Greetings from Australia. I unfortunately just did my knee while hitting what was a very easy run down Mt Buller. Basically, I misjudged a rocky patch where my legs went one way but my body went the other - until I heard a 'pop' in my left knee. The pain hasn't been too intense (I'm off to the Doctor tomorrow) but it has left me wondering how I did it in the first place.

Forgive my ignorance here, but I thought when strapped into a snowboard that leg breaks and knee injuries were far less common given both feet a secured to the board and are facing a similar direction. I thought this was one of the key differences to skiing where legs and skis go off in alternate directions hence why skiers are more prone to knee injuries.

I've got a pair of entry level Burton Moto boots and I had considered for a while to replace them with something that was a little stiffer. As I was going down the mountain I could feel a lot of give in the boots and could feel my heel and toes move around. I understood that snowboard boots are supposed to be tight around the leg/ foot so that boarders can improve their sensitivity between the board and the snow. Is that true???

Even though it was totally my fault for doing my knee, I just can't helping thinking that my boots are partly to blame - and I'm just wondering if anyone else has had similar experience - particularly with this kind of injury.

Grateful for advice.

Runway.


----------



## ridinbend (Aug 2, 2012)

Not the boots, you did something wrong and it sucks your knee is done. When you get back on your board next season get a lesson.
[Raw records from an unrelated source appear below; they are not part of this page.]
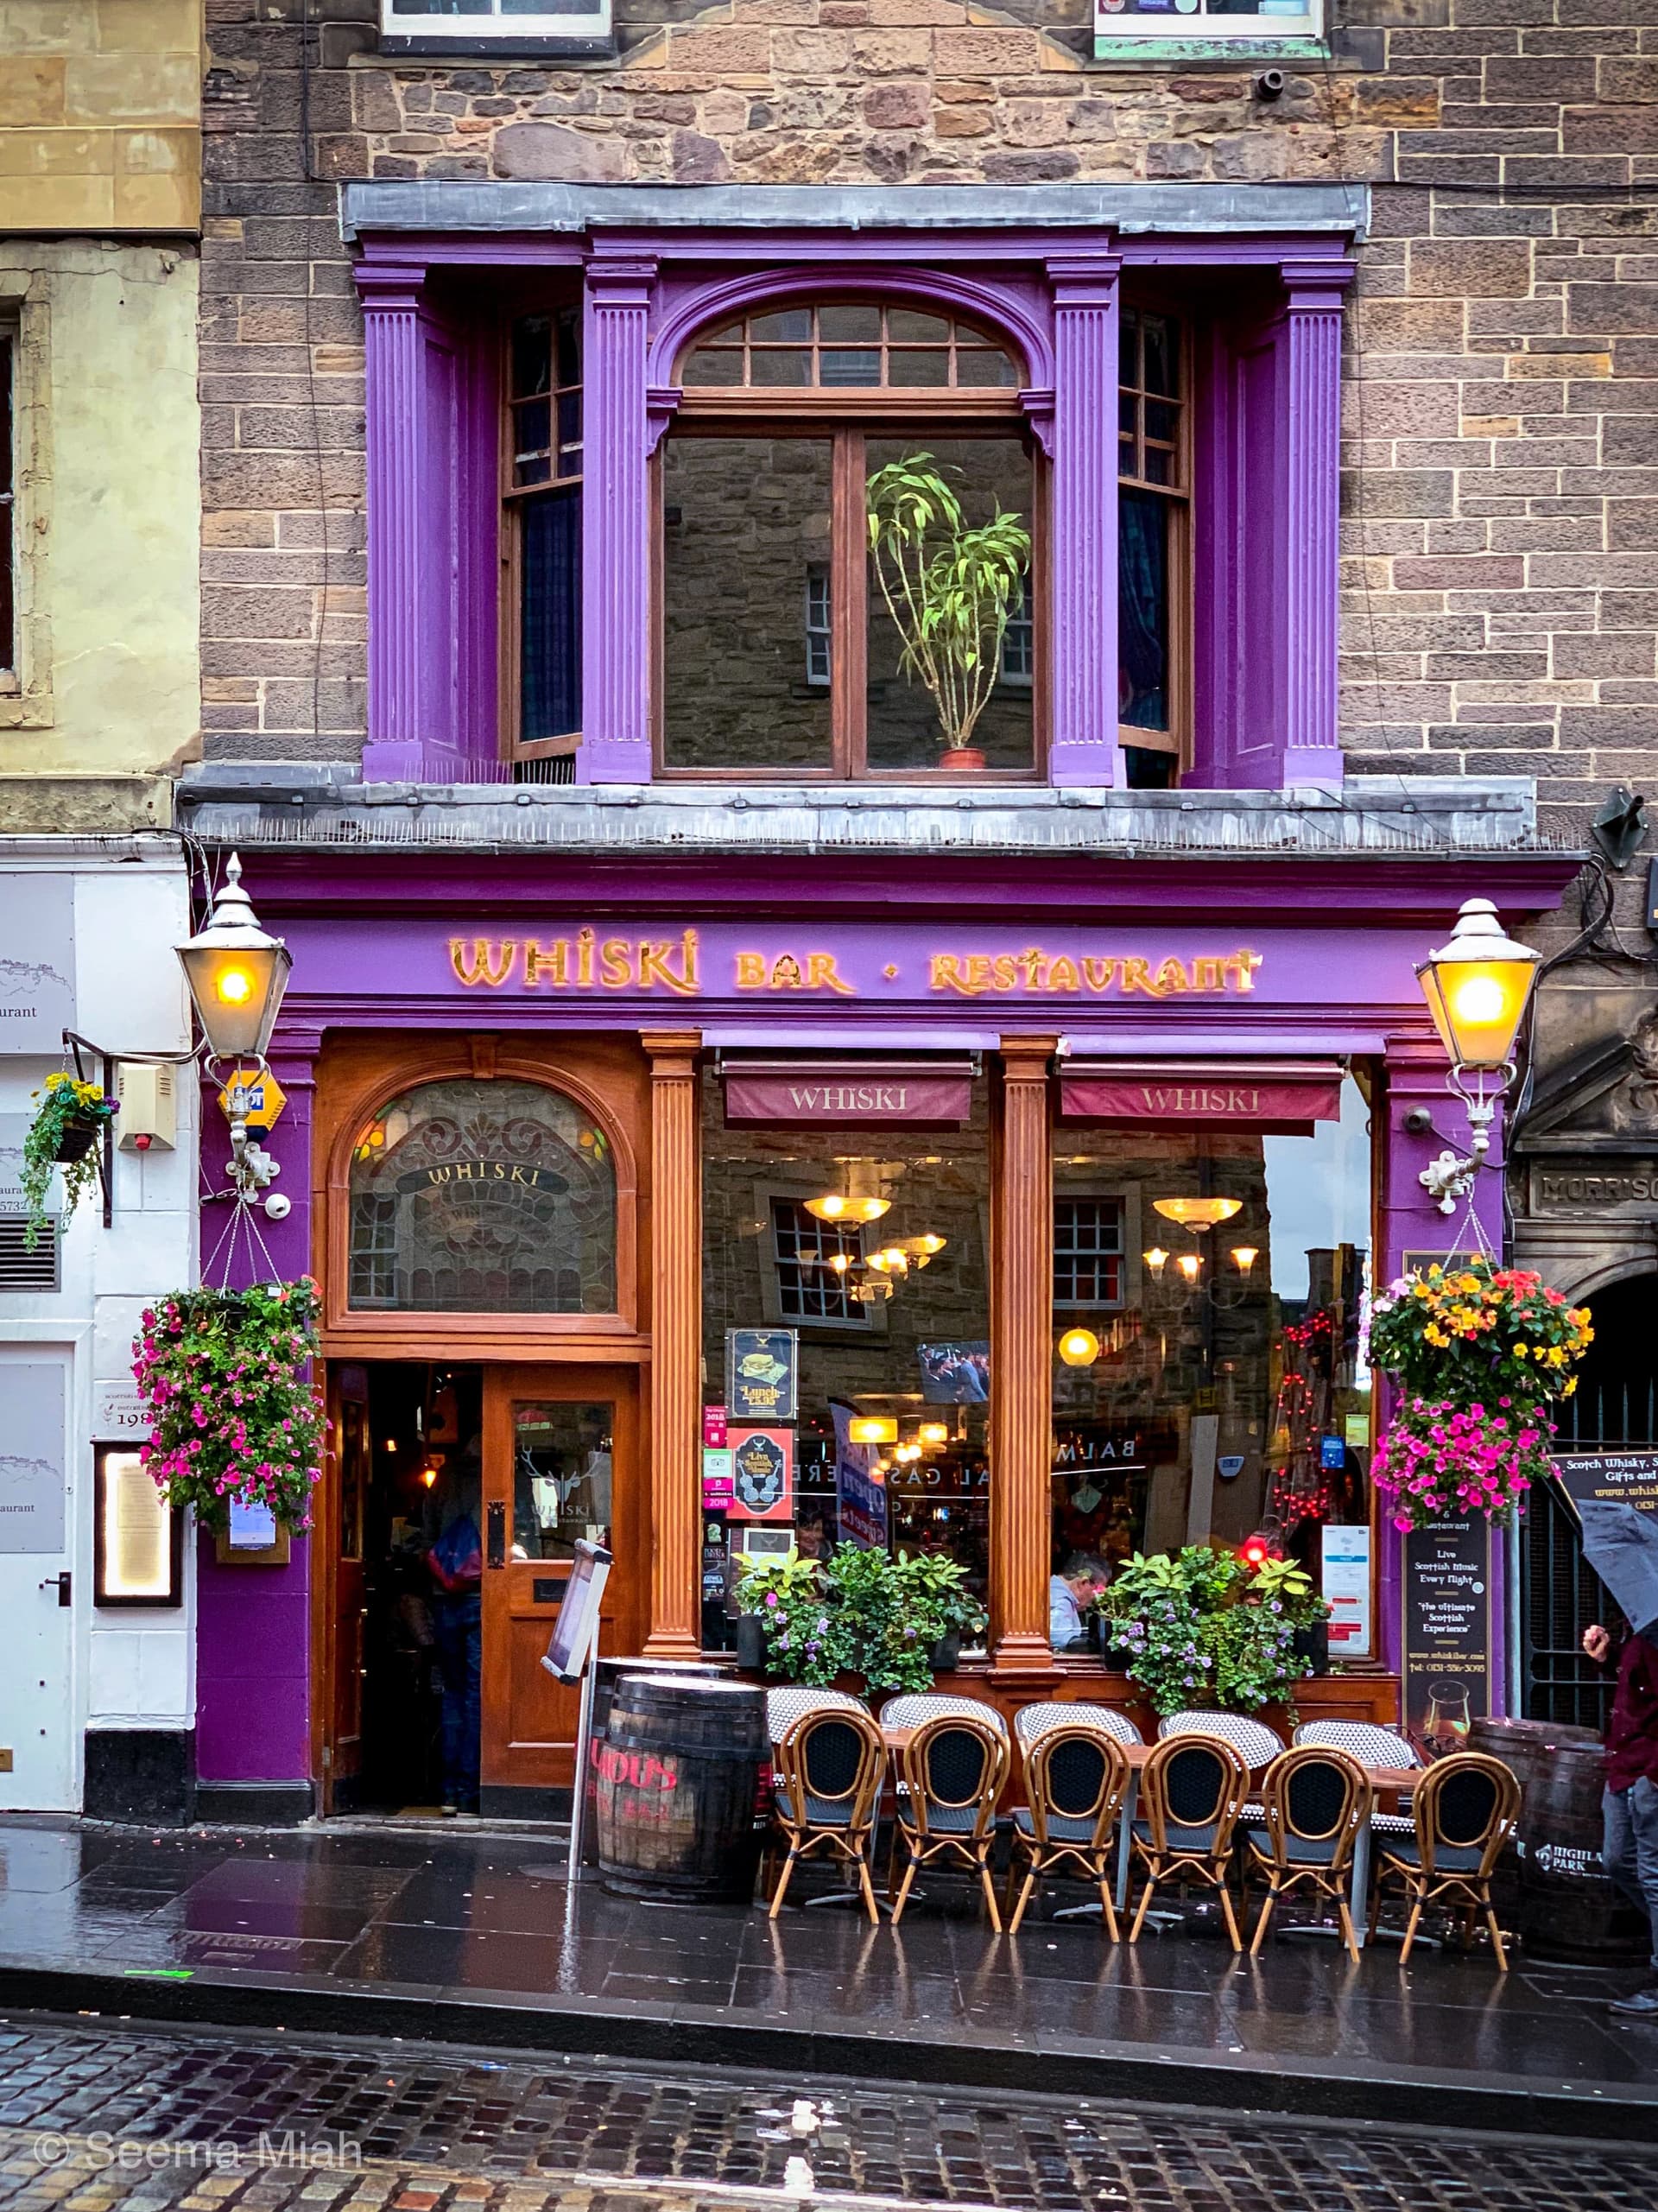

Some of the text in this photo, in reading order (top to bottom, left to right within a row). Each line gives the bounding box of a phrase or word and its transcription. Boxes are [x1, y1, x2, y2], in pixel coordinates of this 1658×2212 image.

[448, 927, 1263, 997] WHISKI BAR RESTAURANT
[788, 1087, 907, 1110] WHISKI
[1140, 1087, 1260, 1112] WHISKI
[428, 1162, 539, 1187] WHISKI
[117, 1412, 163, 1428] 198
[1566, 1459, 1602, 1471] Scotch
[1605, 1470, 1656, 1482] Gifts and
[1437, 1550, 1457, 1559] Live
[1414, 1562, 1451, 1572] Scottish
[1420, 1574, 1473, 1587] Every Night
[1428, 1613, 1465, 1623] Scottish
[1554, 1846, 1604, 1863] HIGHLA
[1553, 1857, 1586, 1872] PARK
Best of luck with the rehab mate.


----------



## Blaze182 (Sep 7, 2009)

If you have a problem with your boots, I highly recommend you check Nike, their product is seriously underrated. 
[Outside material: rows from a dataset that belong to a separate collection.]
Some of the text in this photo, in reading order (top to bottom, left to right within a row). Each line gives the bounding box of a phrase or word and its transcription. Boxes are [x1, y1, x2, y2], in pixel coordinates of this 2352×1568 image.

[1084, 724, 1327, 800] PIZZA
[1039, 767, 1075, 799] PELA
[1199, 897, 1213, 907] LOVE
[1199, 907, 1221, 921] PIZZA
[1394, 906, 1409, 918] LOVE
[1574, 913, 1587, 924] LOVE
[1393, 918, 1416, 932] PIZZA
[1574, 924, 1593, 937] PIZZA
Sorry, but I think your current boots had nothing to do with getting injured - if you get injured on mountain, its either your fault, or someone else's. Sorry man, but at least nobody else was hurt, the only thing worse than doing it to yourself is including another, you never know how thats going to wind up  

Fingers crossed you don't take too long to recover! Watch out for Buller too, when it gets windy, the Summit and main runs get stupid icy.


----------



## killclimbz (Aug 10, 2007)

Your boots don't sound like they helped. What you did is rare but it does happen. Sucks. Best of luck to you. 
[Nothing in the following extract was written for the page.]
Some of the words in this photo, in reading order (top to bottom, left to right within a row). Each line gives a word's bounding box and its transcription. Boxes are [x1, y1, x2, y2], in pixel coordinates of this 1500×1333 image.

Sent from Verticalsports.com Free App


----------



## td.1000 (Mar 26, 2014)

Runway said:


> I understood that snowboard boots are supposed to be tight around the leg/ foot so that boarders can improve their sensitivity between the board and the snow. Is that true???


yep. it's all about how quickly the board reacts to your movements. if your feet move around, there will always be a split second delay, which is huge when you're trying to do mini adjustments. it's kind of like driving a car on the highway with a loose-y steering wheel. that being said I'm not sure it would've helped with your injury. these things happen. just make sure your stance (width, angles) is comfortable, to avoid putting extra stress on your knees.


----------



## kosmoz (Dec 27, 2013)

Body went one direction, legs - other. Maybe looser boots even helped you to get away with what you have now, because if you had stiff boots, your knee would have taken the whole rotation, which it didn't this time, because some angle were taken away by softer boots.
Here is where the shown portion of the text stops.